[Records from a data source]
▼

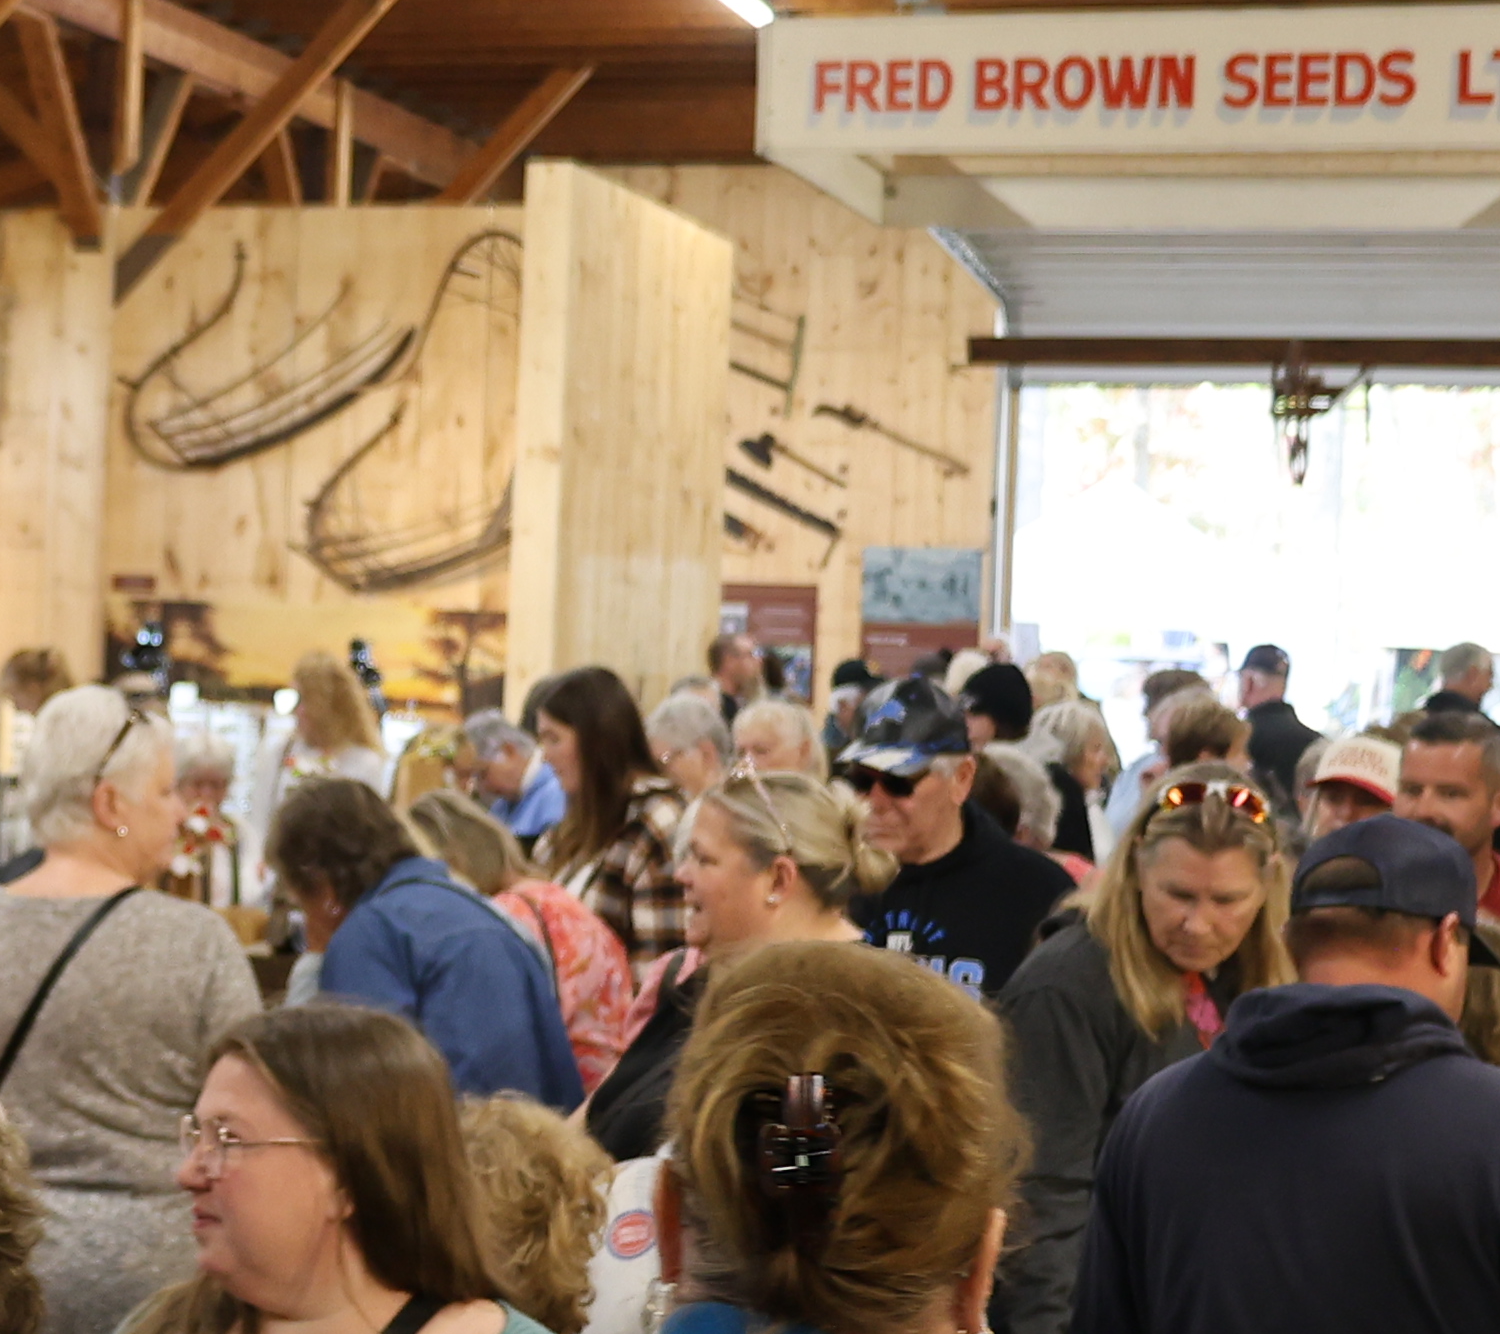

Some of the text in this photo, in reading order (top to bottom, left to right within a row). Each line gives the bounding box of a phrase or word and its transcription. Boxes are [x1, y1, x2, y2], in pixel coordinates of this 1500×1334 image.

[812, 59, 953, 114] FRED
[973, 54, 1196, 112] BROWN
[1221, 49, 1417, 109] SEEDS
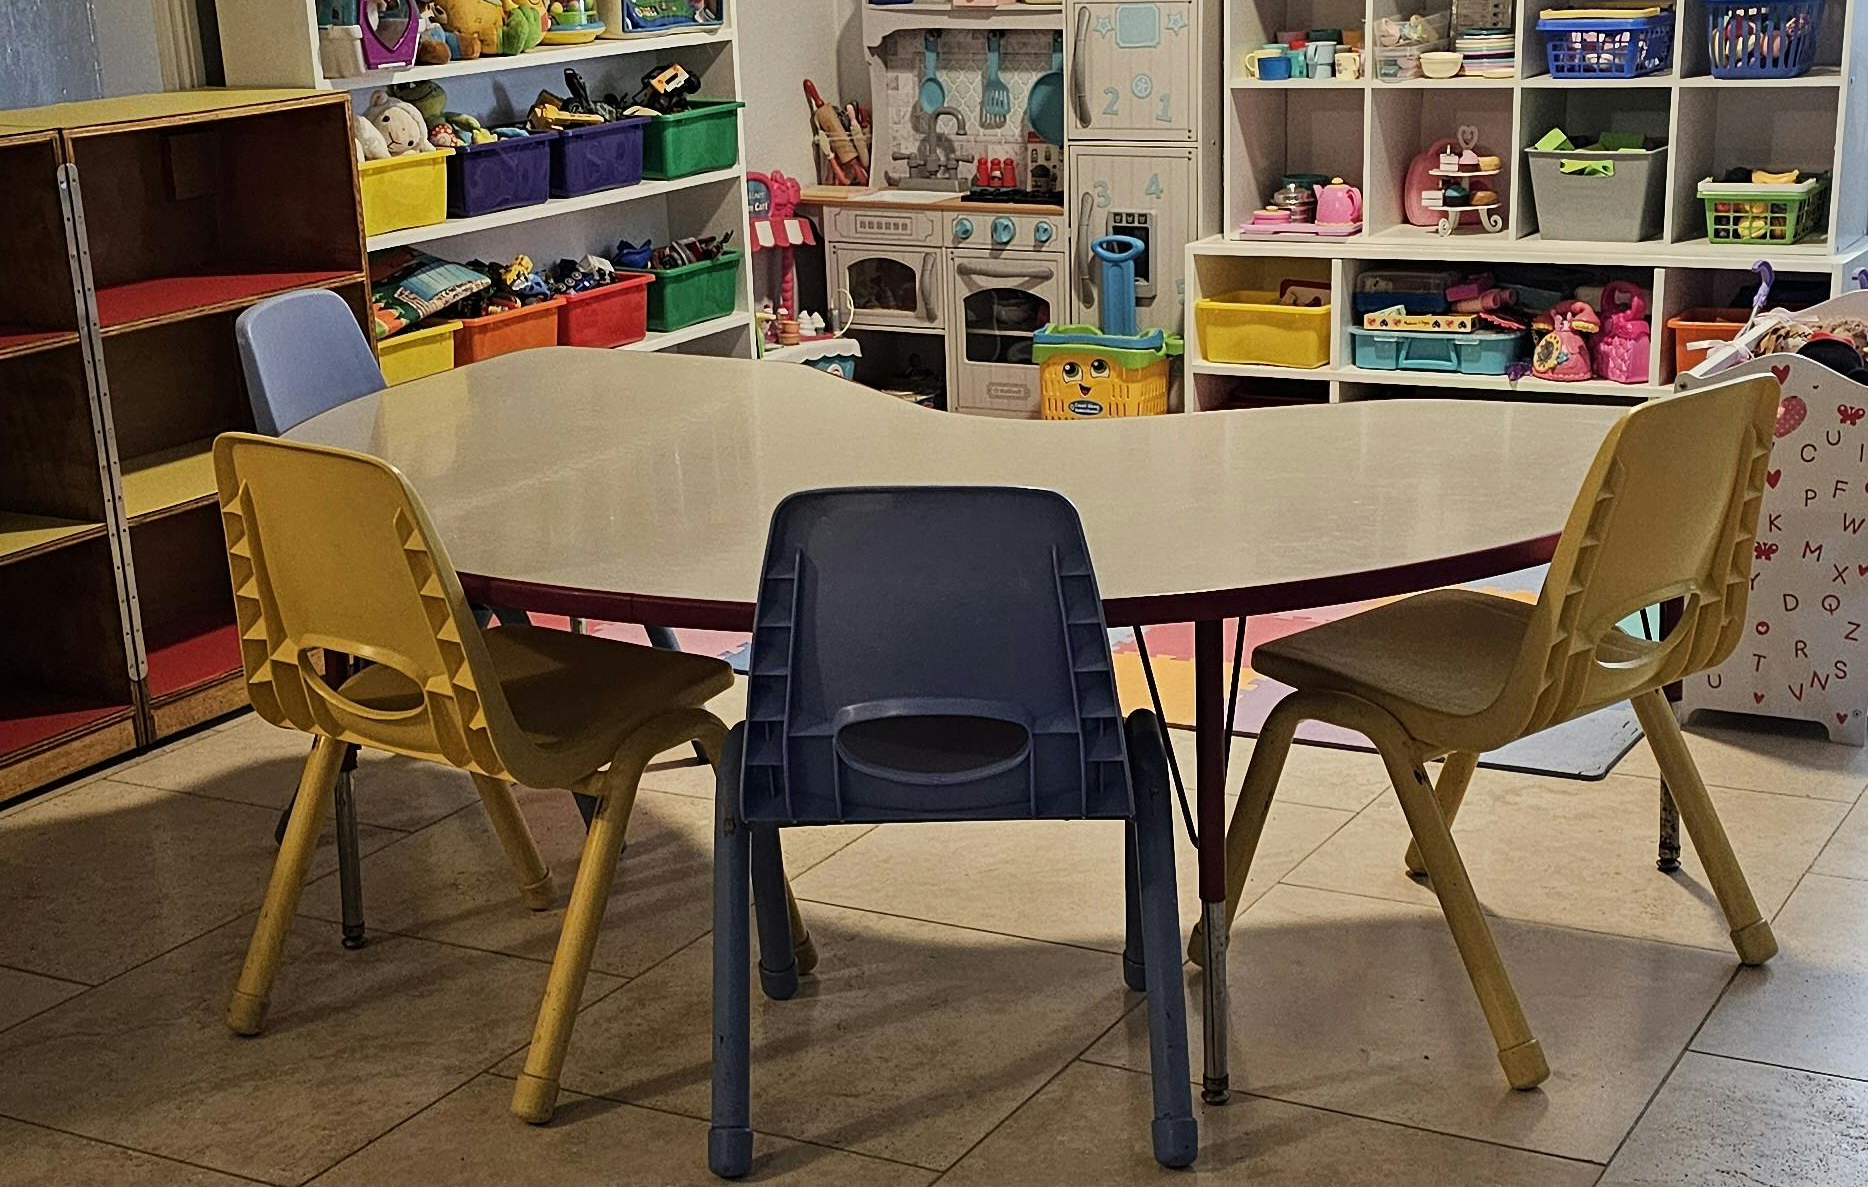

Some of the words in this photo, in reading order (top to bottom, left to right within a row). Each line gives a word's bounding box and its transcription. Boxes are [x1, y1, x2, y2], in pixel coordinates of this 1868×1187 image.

[1102, 86, 1119, 116] 2
[1155, 93, 1172, 123] 1
[1093, 180, 1111, 208] 3
[1144, 172, 1164, 199] 4
[1826, 430, 1841, 446] U
[1801, 443, 1817, 462] C
[1804, 488, 1817, 507] P
[1833, 480, 1848, 498] F
[1768, 513, 1782, 532] K
[1843, 512, 1866, 535] W
[1802, 540, 1823, 562] M
[1832, 564, 1849, 585] X
[1783, 593, 1799, 612] D
[1821, 594, 1841, 616] Q
[1844, 621, 1861, 641] Z
[1795, 640, 1808, 658] R
[1753, 653, 1767, 672] T
[1834, 660, 1848, 680] S
[1707, 673, 1722, 689] U
[1810, 670, 1830, 691] N
[1788, 683, 1804, 702] V
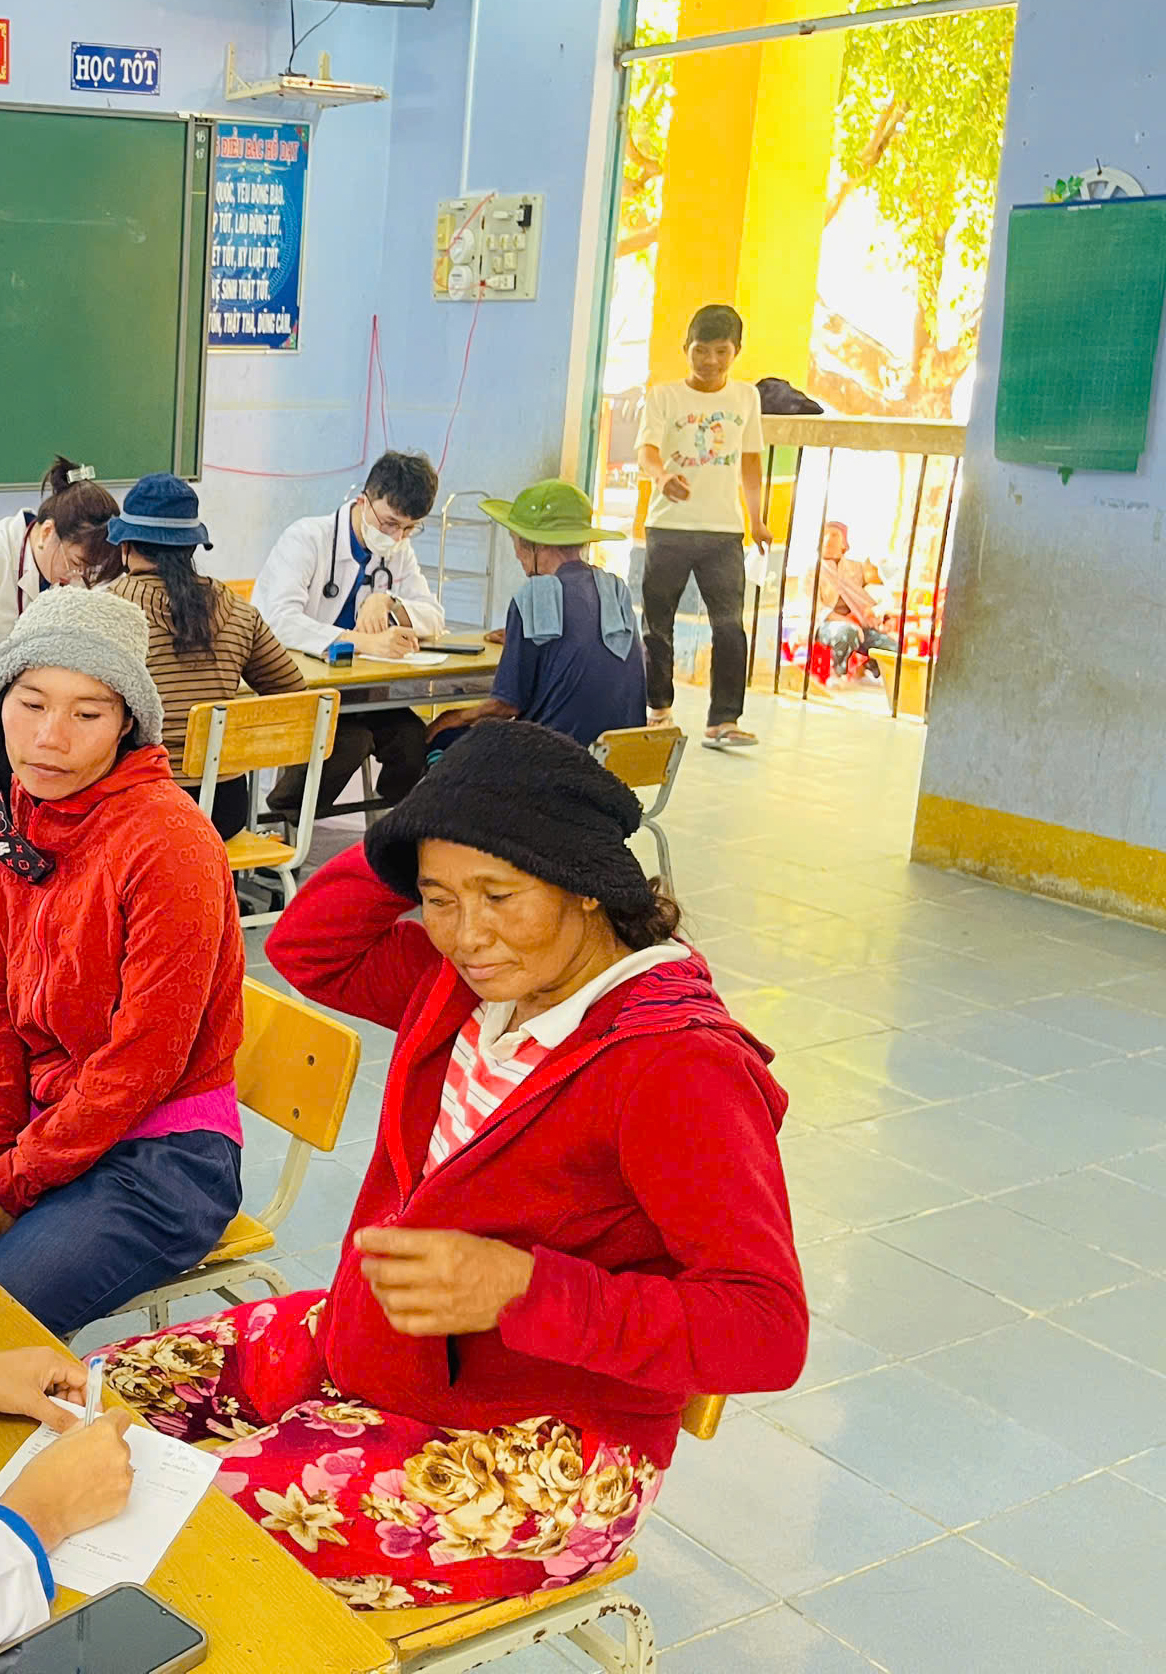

▲

Problem description.
All the records need to be repeated exactly, with the images dropped.

Exercise solution.
Some of the text in this photo, in reading order (top to bottom, left to right within a row). Each line gives the bounding box of a phrase or word and its transcription. Boxes are [x1, y1, x2, y2], in pixel coordinates of this 1500×1334 image.

[812, 59, 953, 114] FRED
[973, 54, 1196, 112] BROWN
[1221, 49, 1417, 109] SEEDS

Some of the words in this photo, in reading order (top to bottom, left to right within a row). Each line gives a word's bounding box and its transcription. Boxes are [x1, y1, x2, y2], in pixel coordinates of this 1868×1187 image.

[1102, 86, 1119, 116] 2
[1155, 93, 1172, 123] 1
[1093, 180, 1111, 208] 3
[1144, 172, 1164, 199] 4
[1826, 430, 1841, 446] U
[1801, 443, 1817, 462] C
[1804, 488, 1817, 507] P
[1833, 480, 1848, 498] F
[1768, 513, 1782, 532] K
[1843, 512, 1866, 535] W
[1802, 540, 1823, 562] M
[1832, 564, 1849, 585] X
[1783, 593, 1799, 612] D
[1821, 594, 1841, 616] Q
[1844, 621, 1861, 641] Z
[1795, 640, 1808, 658] R
[1753, 653, 1767, 672] T
[1834, 660, 1848, 680] S
[1707, 673, 1722, 689] U
[1810, 670, 1830, 691] N
[1788, 683, 1804, 702] V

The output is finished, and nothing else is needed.